Work required: For this exercise, transcribe all the entries exactly as given and omit the images.
[Opening Material provided section]
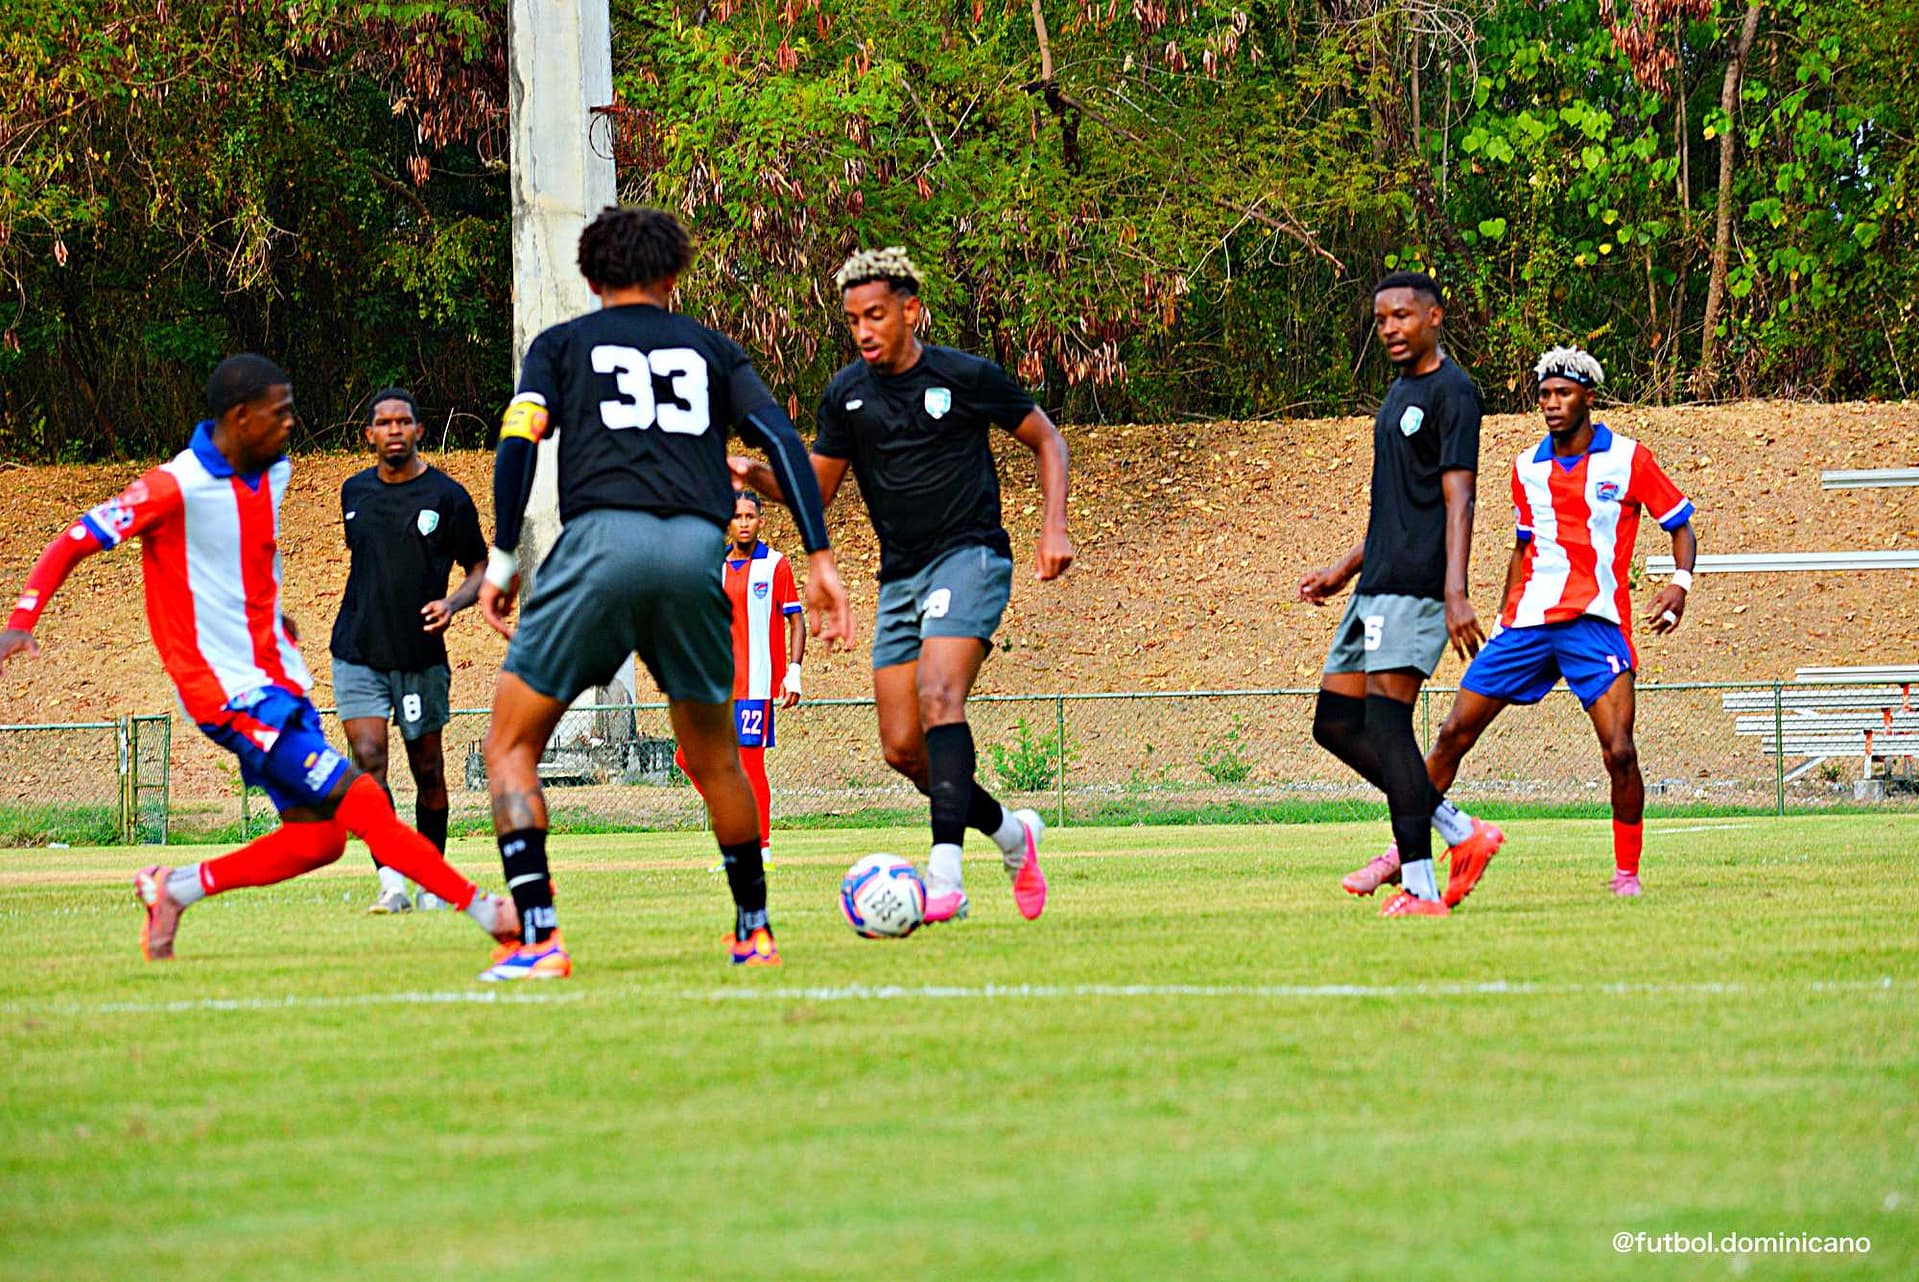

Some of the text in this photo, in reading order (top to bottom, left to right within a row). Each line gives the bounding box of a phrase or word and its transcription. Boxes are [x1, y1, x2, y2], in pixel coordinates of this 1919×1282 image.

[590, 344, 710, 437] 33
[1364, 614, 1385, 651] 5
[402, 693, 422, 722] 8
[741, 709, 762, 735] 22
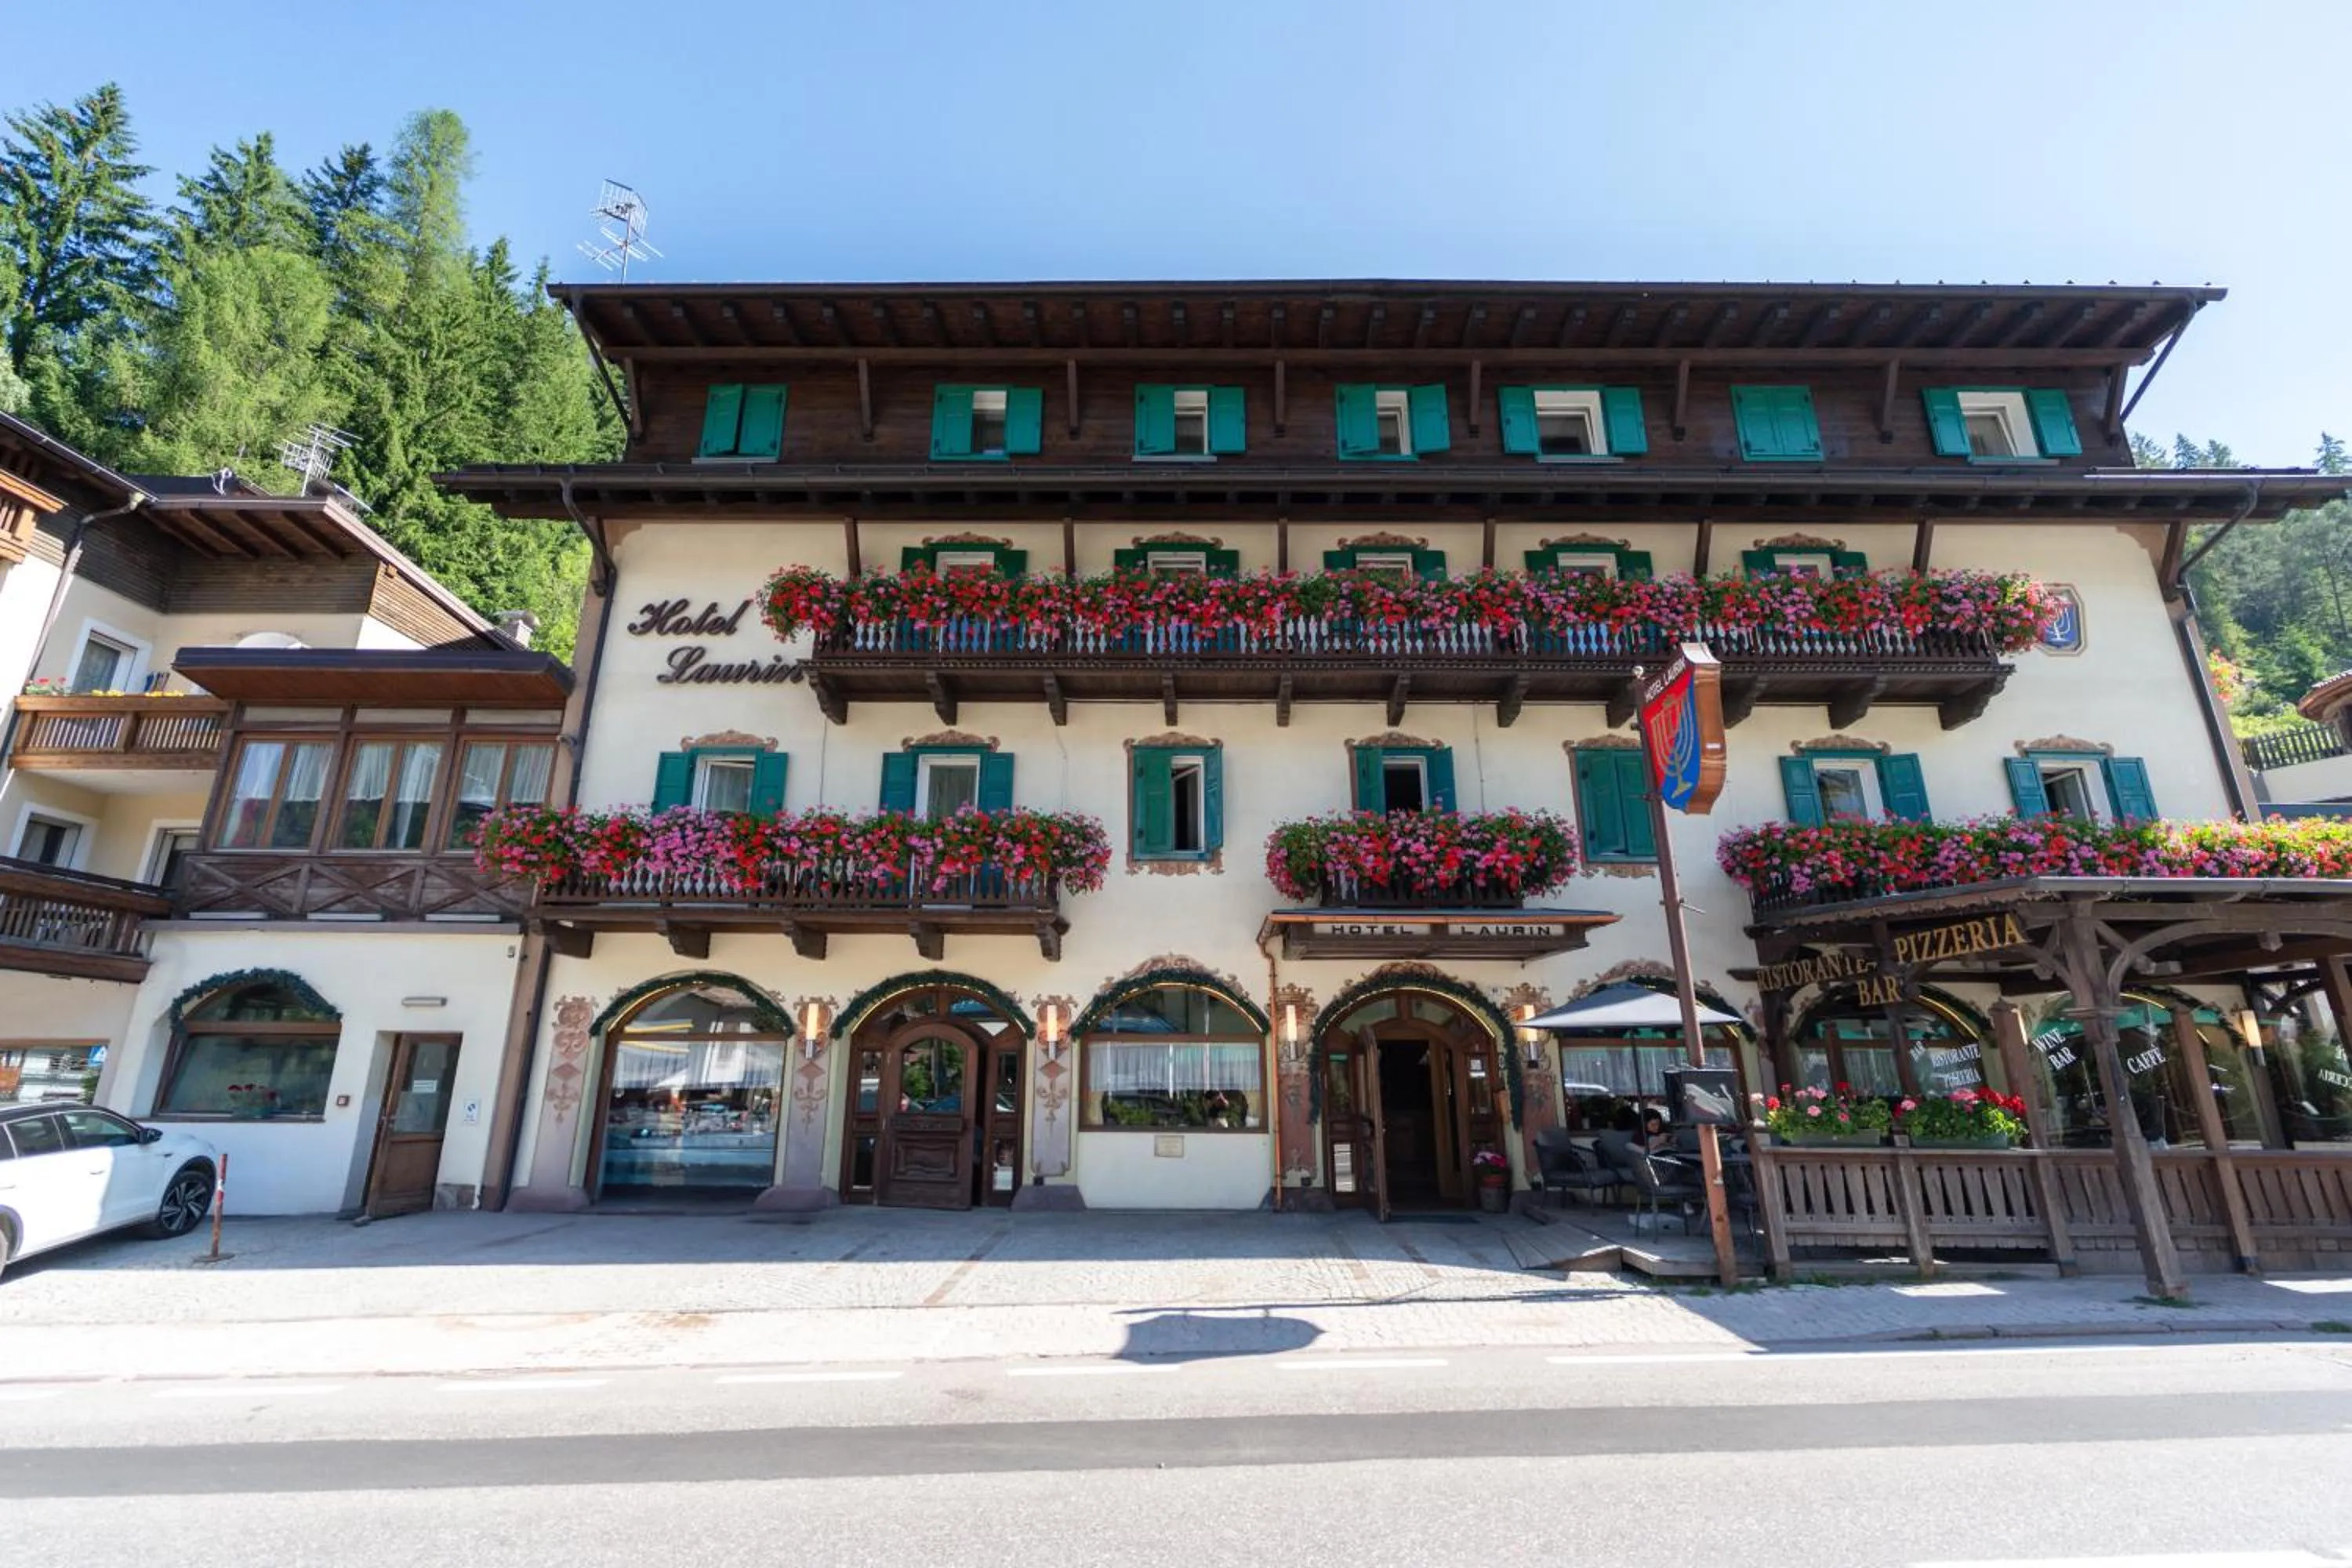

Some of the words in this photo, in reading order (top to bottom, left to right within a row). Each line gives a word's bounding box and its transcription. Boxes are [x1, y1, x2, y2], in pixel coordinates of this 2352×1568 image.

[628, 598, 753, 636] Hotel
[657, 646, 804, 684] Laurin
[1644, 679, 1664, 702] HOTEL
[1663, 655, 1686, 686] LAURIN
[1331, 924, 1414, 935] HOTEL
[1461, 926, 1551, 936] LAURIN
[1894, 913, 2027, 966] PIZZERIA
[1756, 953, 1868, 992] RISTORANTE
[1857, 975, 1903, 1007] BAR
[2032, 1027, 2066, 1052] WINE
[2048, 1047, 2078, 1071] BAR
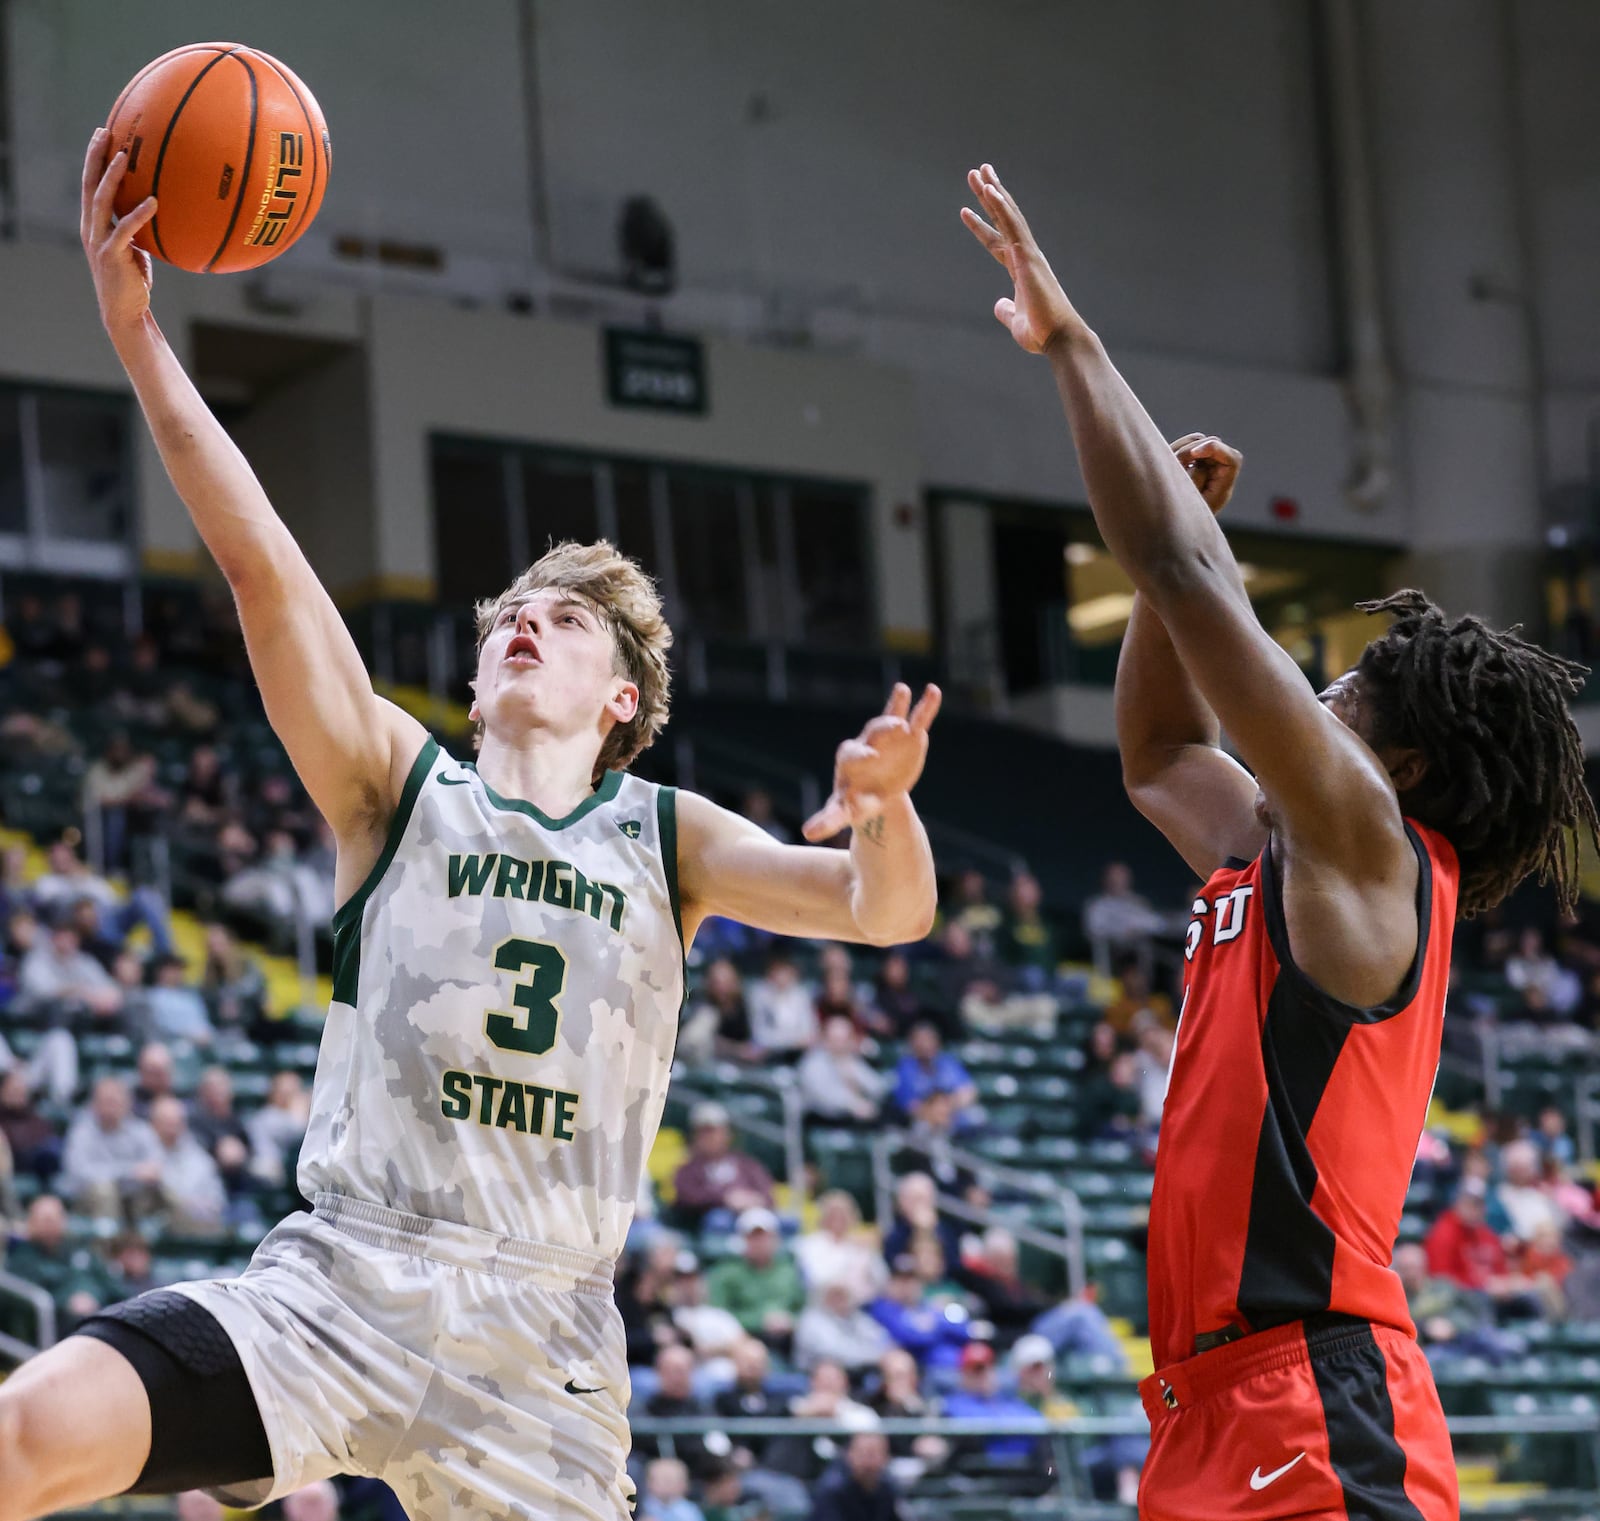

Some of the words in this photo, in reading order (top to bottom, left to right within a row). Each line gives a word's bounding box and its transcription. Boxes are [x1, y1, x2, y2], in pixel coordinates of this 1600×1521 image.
[Closing Material provided section]
Response box:
Some of the text in this photo, in reading order (top to bottom, left to right within a row). Each line gives the bounding box of a phrase or word and its transcription. Boxes are [x1, y1, x2, y2], in pixel coordinates of this 1919×1282 image.

[590, 344, 710, 437] 33
[1364, 614, 1385, 651] 5
[402, 693, 422, 722] 8
[741, 709, 762, 735] 22

Some of the words in this photo, in reading order (top to bottom, left to right within a row). Each line gives a word's bounding box and its transcription. Boxes are [x1, y1, x2, y2], in pixel coordinates of this 2352×1568 image.

[628, 598, 753, 636] Hotel
[657, 646, 804, 684] Laurin
[1644, 679, 1664, 702] HOTEL
[1663, 655, 1686, 686] LAURIN
[1331, 924, 1414, 935] HOTEL
[1461, 926, 1551, 936] LAURIN
[1894, 913, 2027, 966] PIZZERIA
[1756, 953, 1868, 992] RISTORANTE
[1857, 975, 1903, 1007] BAR
[2032, 1027, 2066, 1052] WINE
[2048, 1047, 2078, 1071] BAR

Some of the words in this photo, in reading order (top to bottom, left to right within a row). Each line gives a word's bounding box and its transcription. Boxes are [x1, y1, x2, y2], in pixel coordinates of this 1600×1521 image.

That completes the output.